Témoignage de Bastien

Chez moi la maladie est apparue à l'âge de 18 ans, et c'est après 2 ans de longues recherches que mon "sauveur" a pu identifier ma maladie.

 

Les crises étaient toujours un peu les mêmes et très régulières (1 fois par mois). En général, vers 18-19h je me sentais faible et un peu "frais", puis vers 20-21h une légère douleur au ventre sur le côté gauche apparaissait. A 23h la douleur était déjà très forte et m'empêchait de dormir. A partir de minuit environ, la douleur était intenable et difficilement descriptible. D'abord très localisée sur la gauche de mon ventre, la douleur s'étendait ensuite à tout mon ventre et remontait parfois jusqu'au coeur. Je me retournais dans tous les sens tout en me tenant le ventre.

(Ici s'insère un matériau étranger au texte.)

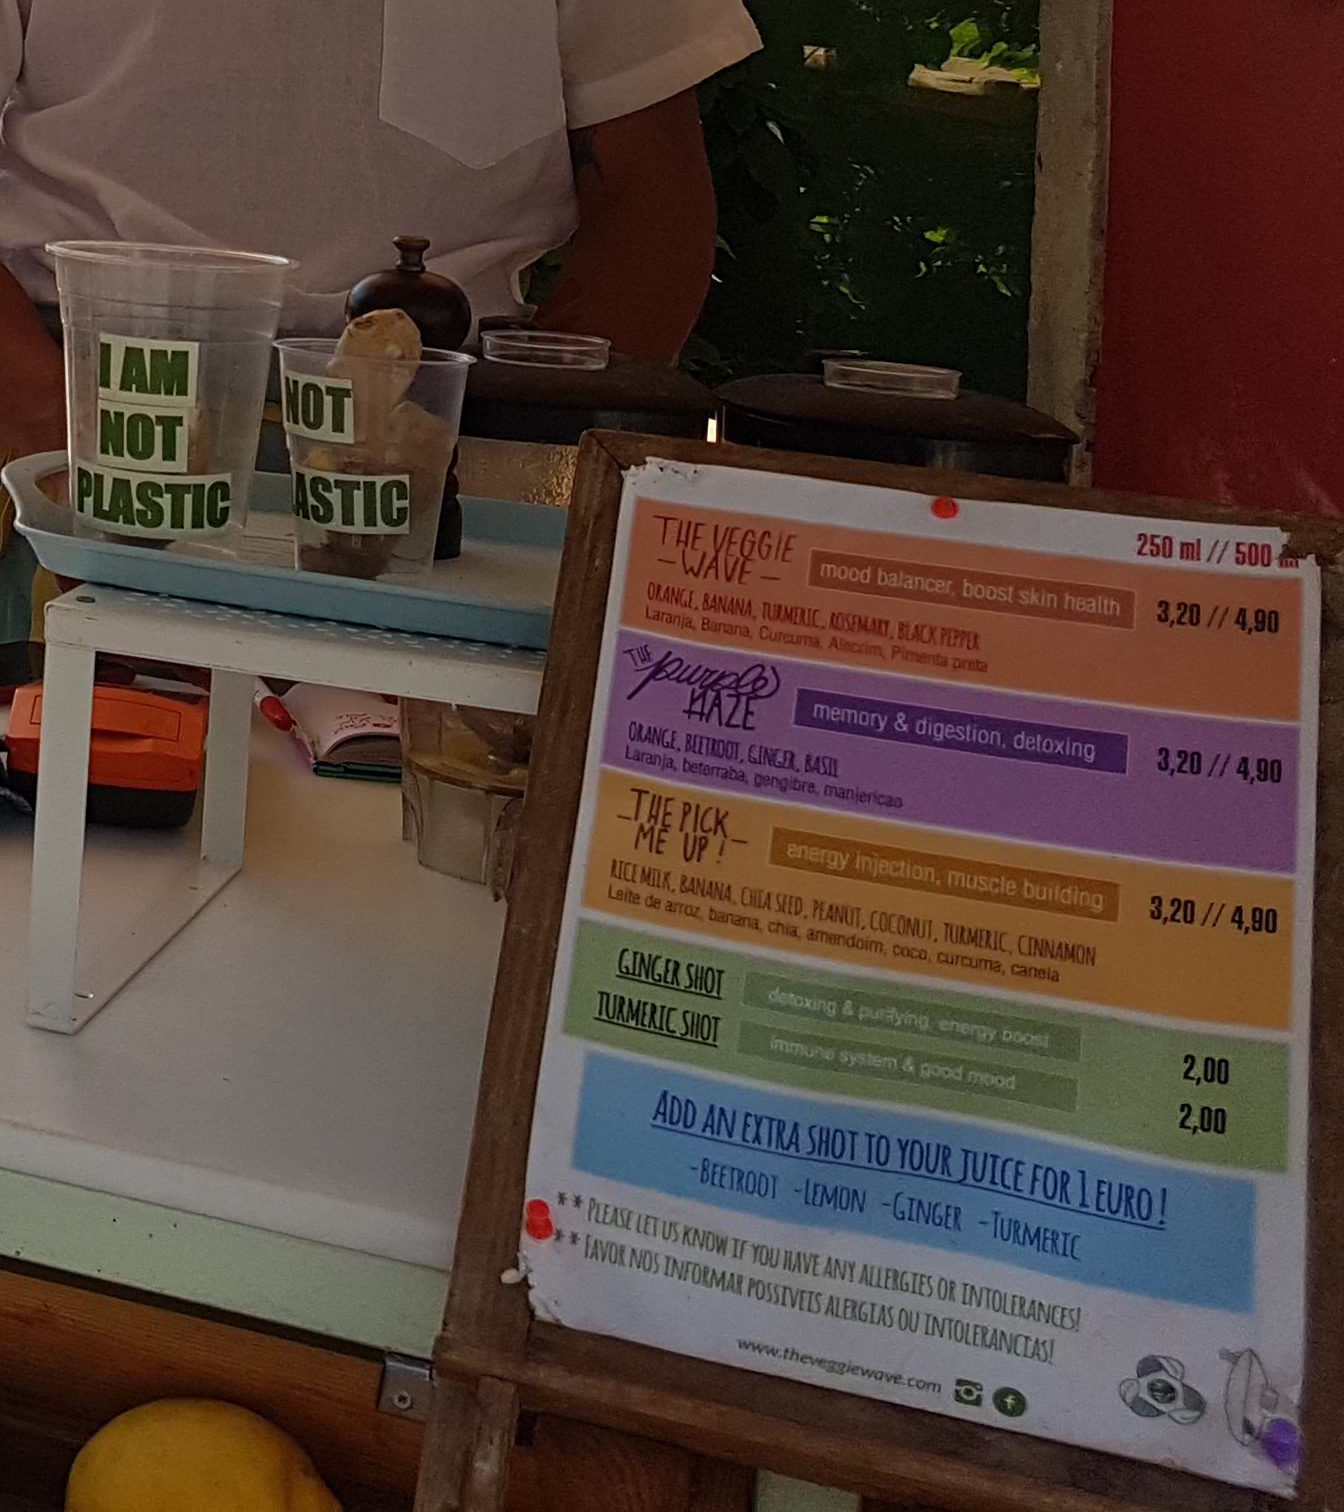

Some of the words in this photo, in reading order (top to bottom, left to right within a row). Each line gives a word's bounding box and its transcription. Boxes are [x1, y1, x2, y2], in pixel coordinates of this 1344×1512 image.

La fièvre montait elle aussi, jusqu'à atteindre 40° malgré le paracétamol. Suite à toute cette agitation, venait ensuite l'hyperventilation puis la crise de spasmophilie. Je n'essayais d'ailleurs pas de lutter contre ces crises de spasmophilie car elles provoquaient des fourmillements au niveau de mon abdomen qui soulageaient ma douleur. En milieu de nuit je vomissais 1 ou 2 fois ce qui me soulageait pendant 5 minutes, mais ensuite la douleur repartait de plus belle. Enfin, entre 6h et 9h du matin la douleur diminuait d'un coup ce qui me permettait de m'endormir. A mon réveil, je sentais seulement une légère douleur au côté gauche et une grande fatigue. 

 

Après 3 épisodes de ce type, avec mes parents nous avons voulu savoir ce qui se passait. 1ère étape: le généraliste qui n'a aucune idée. 2ème étape: le gastro-entérologue qui a des idées et me fait faire des examens. D'abord l'échographie, puis quelques semaines plus tard une IRM. Puis encore quelques semaines plus tard une coloscopie. Les résultats sont toujours les mêmes: tout est normal. Alors bien sûr, on me dit qu'il ne faut pas être stressé par le baccalauréat. Puis quand le Bac est passé qu'il ne faut pas que je sois stressé par mes études. Quand je suis en vacances d'été, on me dit  que pendant ces longues vacances c'est bien dommage que dès le mois de Juillet je sois stressé par la rentrée de Septembre. De retour chez le généraliste, celui-ci me disait qu'il n'y avait rien à faire, que c'était psychosomatique. J'ai donc vu ensuite une interne qui confirmait que c'était psychosomatique. De mon côté j'avais toujours dit que je ne subissais ni stress particulier, ni problème avec ma famille ou autre. Cependant après quasiment 2 ans et une vingtaine de crises intenses je me suis dit que je pourrais tenter de voir un psychologue (ou psychiatre). Je n'ai pas eu le temps de prendre rendez-vous avec un psy car par "chance" ma plus longue crise s'est produite à ce moment là.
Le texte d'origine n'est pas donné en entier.